The records section start

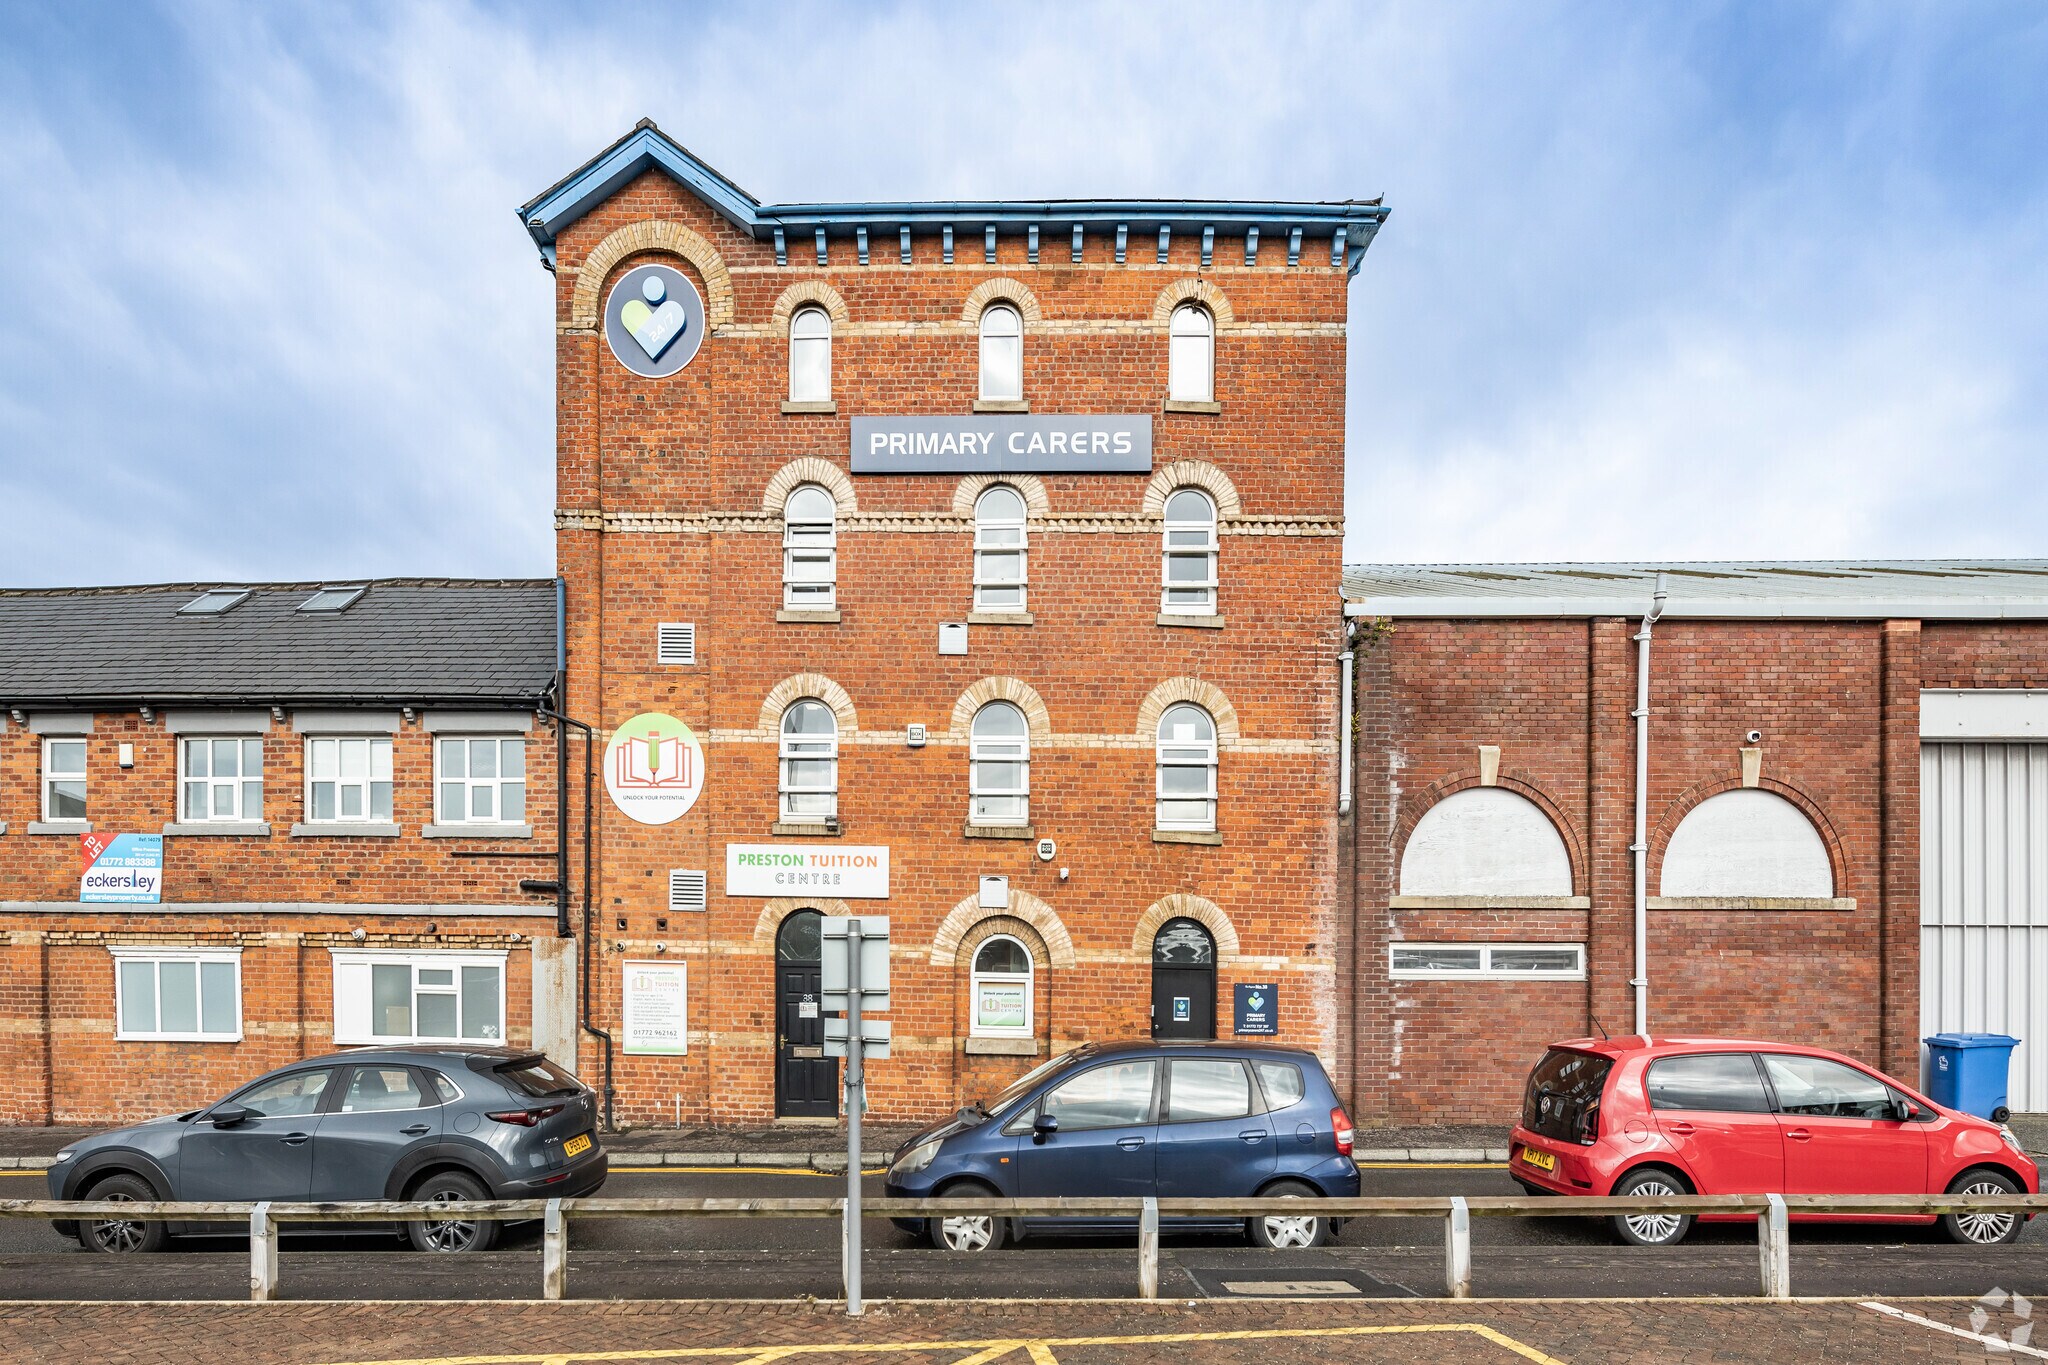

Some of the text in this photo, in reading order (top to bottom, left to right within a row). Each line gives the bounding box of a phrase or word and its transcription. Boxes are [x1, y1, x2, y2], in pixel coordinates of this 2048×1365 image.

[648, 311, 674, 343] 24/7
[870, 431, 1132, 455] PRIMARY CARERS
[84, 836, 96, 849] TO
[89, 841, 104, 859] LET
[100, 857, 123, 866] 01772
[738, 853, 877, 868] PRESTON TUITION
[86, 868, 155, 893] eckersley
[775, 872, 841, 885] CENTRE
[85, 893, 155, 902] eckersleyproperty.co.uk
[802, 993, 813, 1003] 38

The records section end

# [Instructions for the task]
Give back the entries verbatim but drop every picture.

# [Output for this task]
Some of the text in this photo, in reading order (top to bottom, left to right within a row). Each line gives the bounding box of a phrase or word and its transcription. Boxes are [x1, y1, x2, y2], in pixel coordinates of this 2048×1365 image.

[648, 311, 674, 343] 24/7
[870, 431, 1132, 455] PRIMARY CARERS
[84, 836, 96, 849] TO
[89, 841, 104, 859] LET
[100, 857, 123, 866] 01772
[738, 853, 877, 868] PRESTON TUITION
[86, 868, 155, 893] eckersley
[775, 872, 841, 885] CENTRE
[85, 893, 155, 902] eckersleyproperty.co.uk
[802, 993, 813, 1003] 38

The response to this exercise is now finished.